Ahmad Yussuf, advisor to PA Chairman Mahmoud Abbas, was asked about the Quartet's demand for recognition of Israel. He answered that Hamas did not recognize Israel and that the fundamental platform of the next government would not include recognition of Israel. From Global Jihad’s perspective, the Hamas-Fatah miniwar did not make any sense and had become a bitter deviation from a norm of unity and national cohesion. Both are supposed to be working to destroy the Jewish state, not each other.

 

The outcome of the summit has made it abundantly clear that the Mecca Accord worked to harden the Palestinian attitudes; it strengthened the Arab resolve to destroy Israel and empower the Palestinians in their quest to achieve this Islamist goal. It brought Mahmoud Abbas closer to the Hamas platform, allowing Palestinians to feel more confident in their campaign against Israel. Abbas has been quoted by PA officials as telling Rice that his top priority was to prevent civil war in the PA territories and that he had no choice but to strike a deal with Hamas.

 

The general impression that one gathers after talking to Islamists is that the national unity government was needed to consolidate Arab position to win the international support in their campaign to weaken Israel diplomatically. According to Saeb Erekat, a PA official, Abbas stressed that his top priority at this stage is to prevent internal fighting and to restore law and order to PA-controlled areas. "These are very important issues for the Palestinians," Abbas reportedly told Rice. "The unity government is needed to prevent internal strife and end tensions between Fatah and Hamas."

 

Against this backdrop, it can safely be said that if there are going to be more summits like the one that just failed, they must not be convened without satisfying some basic questions.

 

First: Can there be peace in the Middle East without Arabs accepting the right of the Jewish state to exist? If the answer is no then these summits will always be exercises in futility. The world should listen to Condoleezza rice, "It simply can't be the case that a political horizon can be built on a basis where one of the parties doesn't accept the right of the other to exist."

 

And second: Can a Palestinian national unity government comprising of Fatah and Hamas be trusted?  A national unity government with Hamas as a component will always remain a terrorist entity. History is a witness that Hamas has never betrayed its founding principle: the destruction of the Jewish state. Any group, whether it is Fatah or anyone else, that joins with Hamas without making it renounce terrorism, accept the right of the Jewish state to exist within defensible borders and give up its demands, like that of the “right” of Palestinians to “return” to their “ancestral” homes, must be looked upon as one that has embraced the Hamas ideology of terror.

 

There is no doubt that the Mecca Accord was aimed at creating a political and diplomatic environment that would have weakened the Israeli position and facilitated the terrorists in carrying out their campaign to scare the Jewish state into oblivion.

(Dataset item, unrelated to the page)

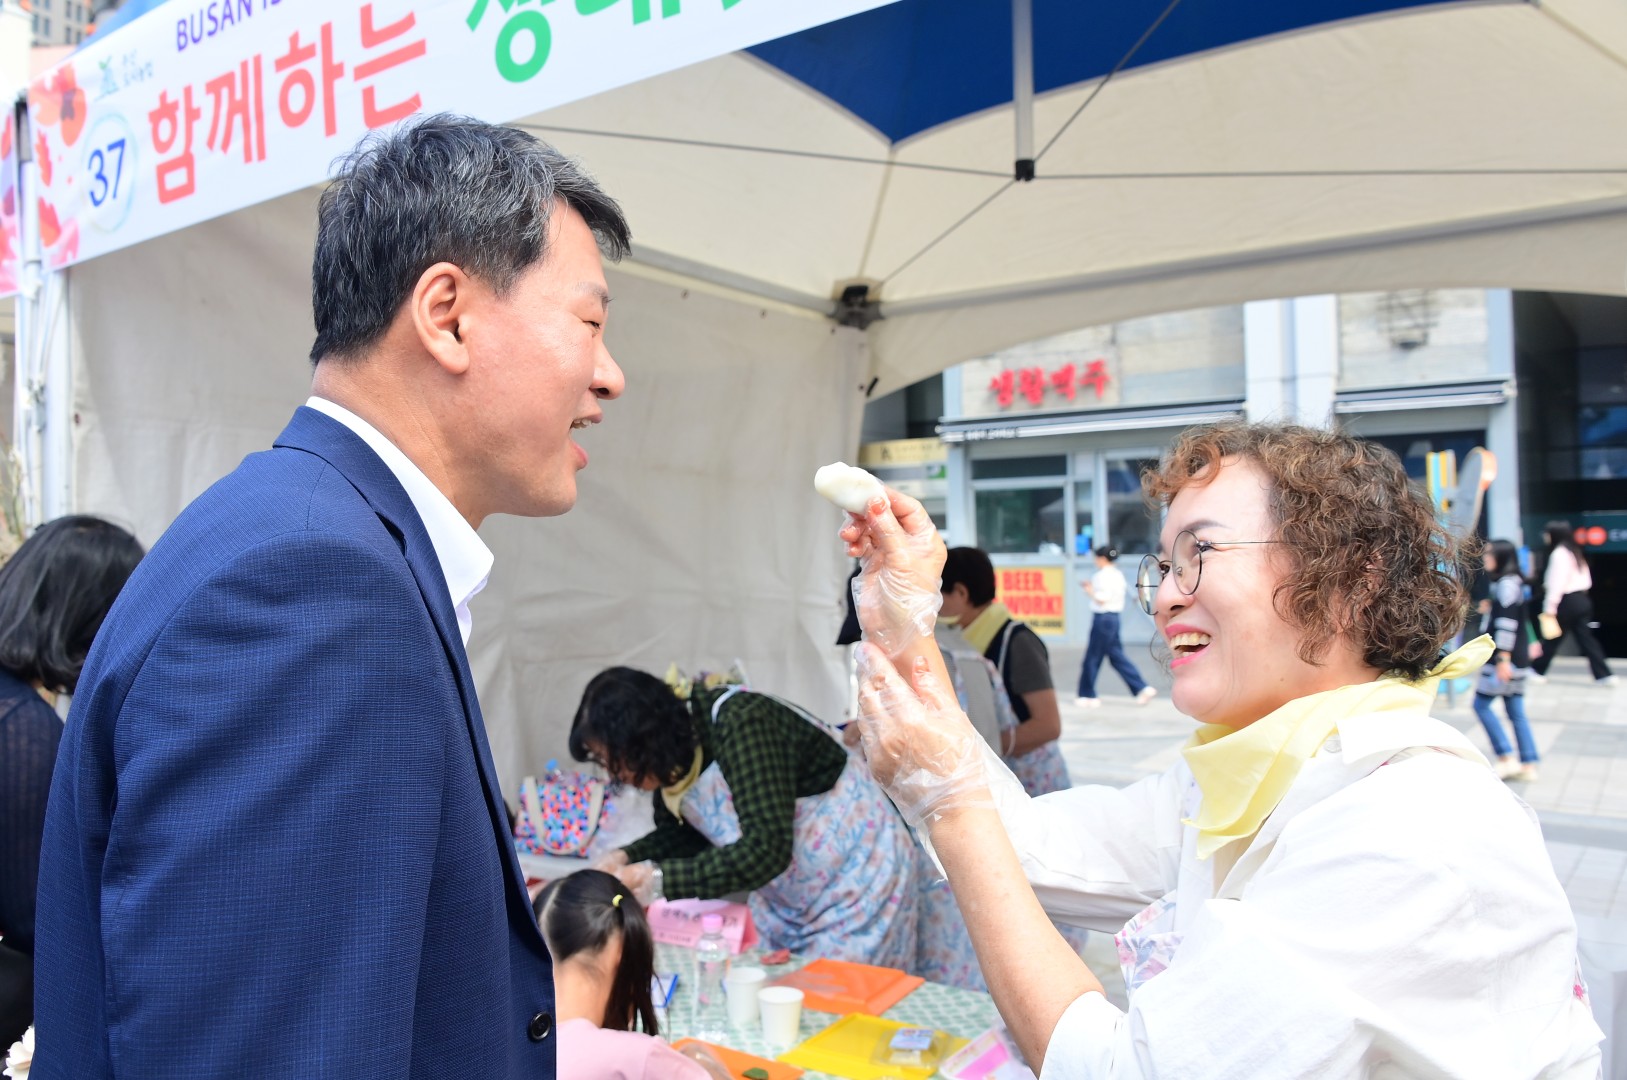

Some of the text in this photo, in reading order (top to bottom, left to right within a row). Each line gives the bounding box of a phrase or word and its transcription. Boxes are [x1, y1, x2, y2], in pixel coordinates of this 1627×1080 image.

The main objective of any such unity government is to be accepted by the international community by pretending to be moderate so that Israel can be pressured into accepting their demands.

 

The world will also have to see if the Saudi efforts are genuinely aimed at establishing peace in the region, or they are just another attempt to perpetuate the Wahhabi ideology of jihad by claiming to be working for peace.


 

Tashbih Sayyed is the Editor in Chief of Pakistan Today and The Muslim World Today, President of Council for Democracy and Tolerance, an adjunct fellow of Hudson Institute, and a regular columnist for newspapers across the world. He is the author of eight books, including: History Of The World, Left Of The Center, Pakistan - An Unfinished Agenda, Mohammad - A secularist's View, Foreign Policy Of Pakistan, and Shadow Warriors - Afghanistan, Pakistan, Taliban.